By the summer of 1767, at the age of 18, Samuel was a confirmed drunk. His parents in despair and fearing for his influence on the younger children threw him out of the house and he drifted downriver to the coast working just enough to support the occasional roaring bender.
Samuel spent the winter of 1767 and all of 1768 working off and on at the Williams family sawmill and foundry, located in Essex near the mouth of the Connecticut River, making parts for the shipbuilding operations in the neighborhood. This work probably kept Samuel from freezing to death in the winters of 1767-1769 and 1768-1769. Finally in the summer of 1769 the Williams works gave up on him.
Samuel awoke unaware of where he was or how he got there and convinced he had gone blind since he was last conscious. All was total darkness. Eyes open…eyes shut…eyes open…made no difference.
“O Lord,” he said aloud. “Blind from too much rum. I’ve heard tell of it. Never thought to see it.” He began to giggle. “Never thought to not see it I guess is more like it.”
“Be still man”, whispered a voice to his left. “They will hear and turn us out.”
“Who is that?” said Samuel.
“Hush damn you Sam”.
“WHO’S THERE!” came a loud voice. Followed by a crash as a lid was flung up hitting the wall. Light flooded the stable feed bin where Sam and his friend had hidden to shelter from the wind and rain. Bits of this episode were beginning to return to Sam’s mind.
The stable man who had slammed up lid stood with a rake handle in his hand.
“All right you. Get out of there or I’ll give you the heft of this handle.”
So Samuel and Arthur Poole climbed out of the feed bin and stood with heads downcast.
“I have turned you two out before haven’t I. I know it. You two climb back in that hopper.”
“What?” Arthur and Samuel both said at once.
“Back inside now.”
So they obeyed and sat against opposite walls as they had been before. Down came the lid and they heard the latch made up. A push on the lid confirmed they were locked in. Time passed and the lid was opened again. The constable from South Lyme assisted the men out of the feed bin. They were not pleased to see him. There was a history there. At their last meeting the constable had assured them that they were a public nuisance and if he saw them again they would be transported to Poverty Point.

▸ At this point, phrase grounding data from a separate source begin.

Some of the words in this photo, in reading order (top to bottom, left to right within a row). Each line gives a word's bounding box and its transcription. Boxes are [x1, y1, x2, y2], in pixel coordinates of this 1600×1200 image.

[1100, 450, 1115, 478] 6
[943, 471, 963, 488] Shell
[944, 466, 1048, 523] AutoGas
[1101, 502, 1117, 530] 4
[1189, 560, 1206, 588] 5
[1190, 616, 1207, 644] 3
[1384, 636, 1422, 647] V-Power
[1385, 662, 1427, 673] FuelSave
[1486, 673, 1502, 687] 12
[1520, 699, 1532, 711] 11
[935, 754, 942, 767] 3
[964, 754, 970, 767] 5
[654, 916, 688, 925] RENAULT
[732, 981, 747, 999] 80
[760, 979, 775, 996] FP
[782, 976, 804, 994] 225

Poverty Point was a headland on an island just off the east bank of at the mouth of the Connecticut River. It was inhabited by destitute men, inconvenient to the good people of the neighboring towns. They lived by digging shellfish to sell and eat and answering any calls for manual day labor by the nearby businessmen who picked them up in the morning and delivered them back at day’s end.

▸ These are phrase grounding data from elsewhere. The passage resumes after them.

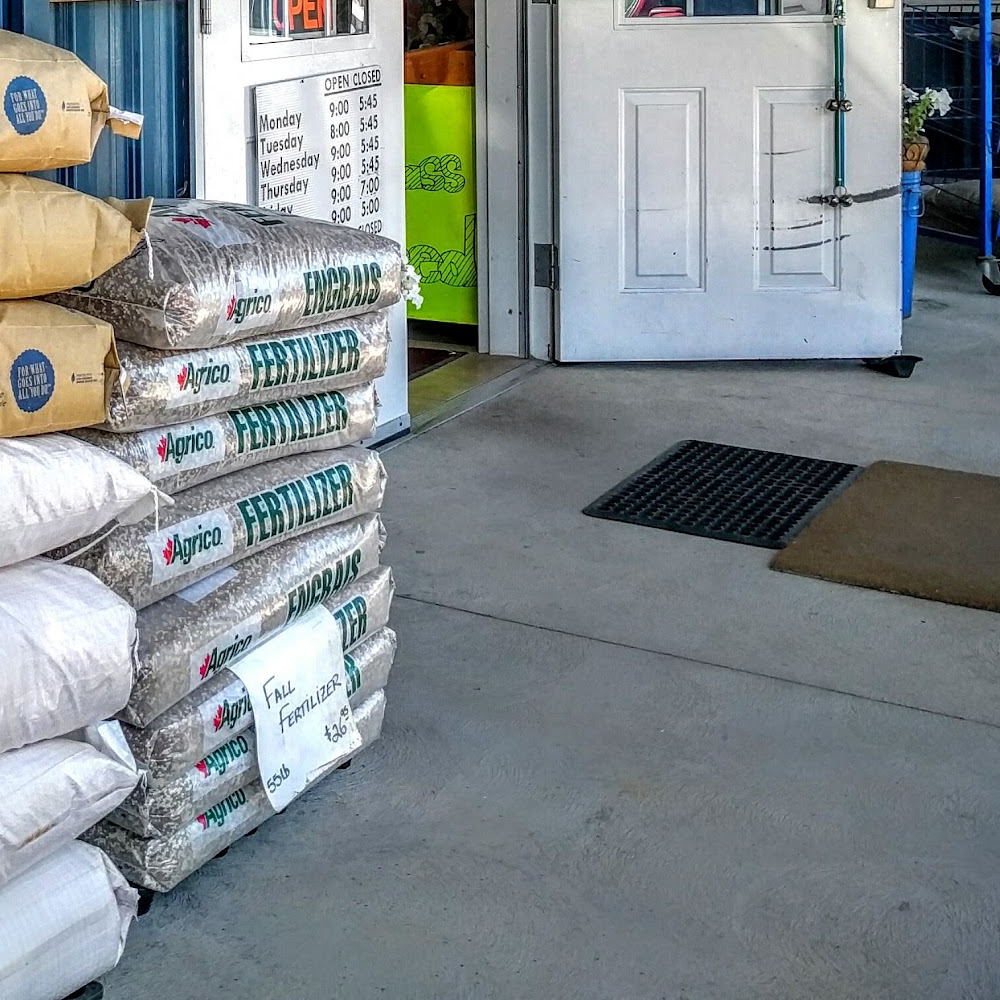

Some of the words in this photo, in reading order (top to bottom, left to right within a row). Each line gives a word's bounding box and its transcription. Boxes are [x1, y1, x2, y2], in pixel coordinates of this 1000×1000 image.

[9, 92, 23, 102] FOR
[23, 88, 38, 100] WHAT
[324, 74, 349, 91] OPEN
[352, 69, 381, 86] CLOSED
[12, 102, 27, 113] GOES
[27, 100, 40, 112] INTO
[16, 113, 25, 124] ALL
[259, 109, 302, 133] Monday
[329, 99, 349, 117] 9:00
[359, 93, 378, 111] 5:45
[260, 133, 304, 155] Tuesday
[330, 121, 350, 139] 8:00
[359, 114, 378, 132] 5:45
[260, 151, 320, 178] Wednesday
[331, 142, 351, 161] 9:00
[360, 135, 379, 153] 5:45
[260, 176, 309, 201] Thursday
[331, 163, 351, 182] 9:00
[361, 155, 380, 174] 5:45
[331, 185, 351, 204] 9:00
[360, 177, 380, 196] 7:00
[331, 206, 351, 223] 9:00
[361, 197, 380, 217] 5:00
[302, 261, 382, 317] ENGRAIS
[17, 366, 29, 378] FOR
[29, 362, 45, 375] WHAT
[17, 377, 33, 389] GOES
[33, 373, 47, 387] INTO
[183, 358, 231, 396] Agrico
[246, 328, 361, 390] FERTILIZER
[18, 388, 30, 400] ALL
[164, 425, 215, 464] Agrico
[227, 390, 348, 454] FERTILIZER
[170, 524, 223, 566] Agrico
[235, 462, 354, 548] FERTILIZER
[205, 634, 252, 677] Agrico
[287, 548, 362, 623] ENGRAIS
[219, 686, 252, 729] Agri
[262, 675, 296, 709] FALL
[278, 673, 342, 734] FERTILIZER
[204, 735, 249, 776] Agrico
[204, 787, 247, 828] Agrico
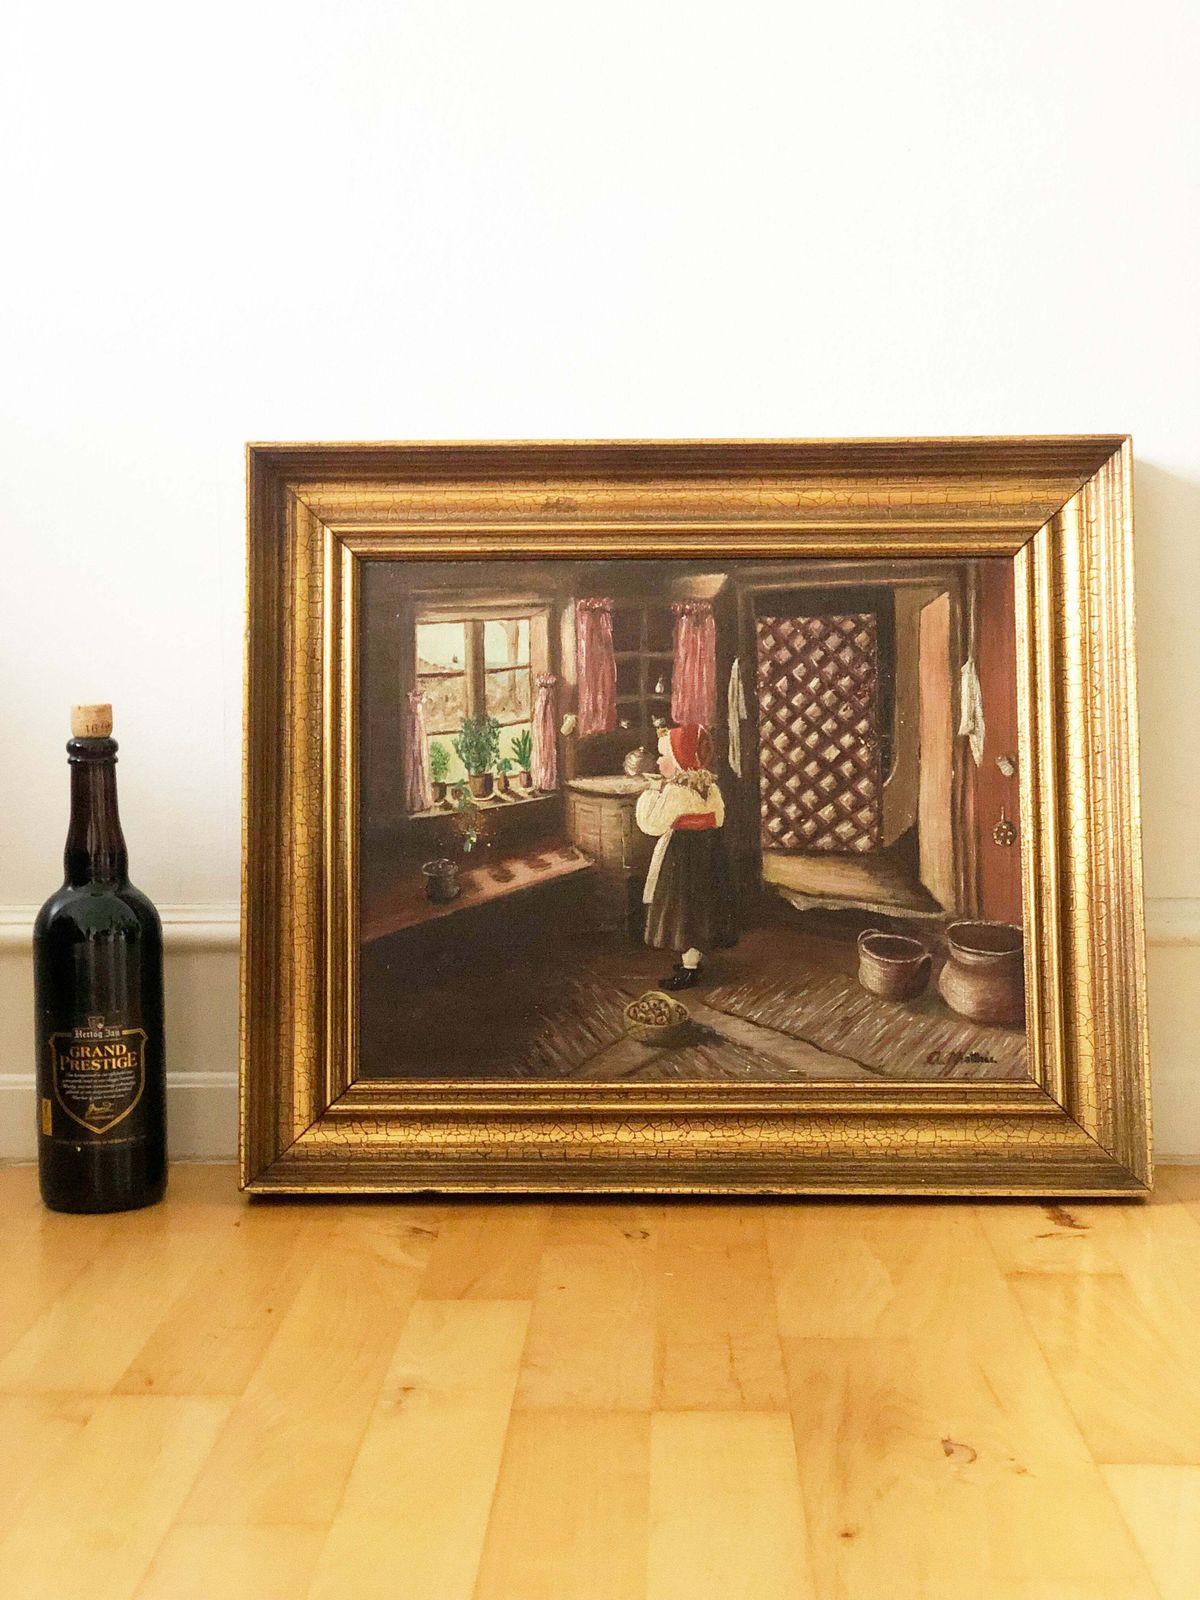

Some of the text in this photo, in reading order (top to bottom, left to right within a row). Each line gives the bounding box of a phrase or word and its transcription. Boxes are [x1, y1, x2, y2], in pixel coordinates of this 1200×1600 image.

[74, 1028, 120, 1039] Hertog Jan
[70, 1044, 127, 1058] GRAND
[60, 1052, 137, 1071] PRESTIGE

So Samuel and Arthur joined the Poverty Point men. They were taken to work as often as any but inadequate diet, too much drink and harsh conditions as fall came on took a terrible toll on Samuel.
It was at Poverty point that Samuel was found by Reverend Esau Holmes in December of 1769, nearly dead of exposure and starvation. Reverend Holmes made it a practice each winter to collect the worst cases from the point and try to save them. This effort was financed by donations from his congregation.
Samuel was taken to the men’s shelter in South Lyme, thawed out, fed and preached at until he claimed to have seen the light. Reverend Holmes took his successes around to the employers of South Lyme, Saybrook and Essex to place them in gainful employment. Samuel got a job with a printer in South Lyme. There he worked and remained sober until April of 1772. In that month Samuel fell off the wagon and ended up in the gutter again. He lost the entire summer of 1772 but by October he cleaned himself up and took a job on a dairy farm up-river on the outskirts of Hadlyme village.
It was during this sober period from October 1772 through May 1774 that Samuel met, courted and wed Ruth Ackley, from the neighboring town of East Haddam. They were married in December of 1773.
Ruth and her family were charmed by Samuel. He had his charming side. Ruth’s father Isaac Ackley had recently come into possession of a dairy farm way up in Barkhamsted about 30 miles northwest of Hartford as a result of a long pending lawsuit He made a wedding gift of the place to Ruth and Samuel.
The bride and groom moved to the Barkhamsted farm and lived happily until Samuel disappeared on June 1, 1774. Ruth was five months pregnant when Samuel failed to return as scheduled from a trip to Hartford. She was left to milk the cows and haul the milk through the village for the customers. She gave him five days before she confided in a neighbor that Samuel was overdue. The neighbor woman said that delays might happen on a trip and suggested another five days before sounding a general alarm.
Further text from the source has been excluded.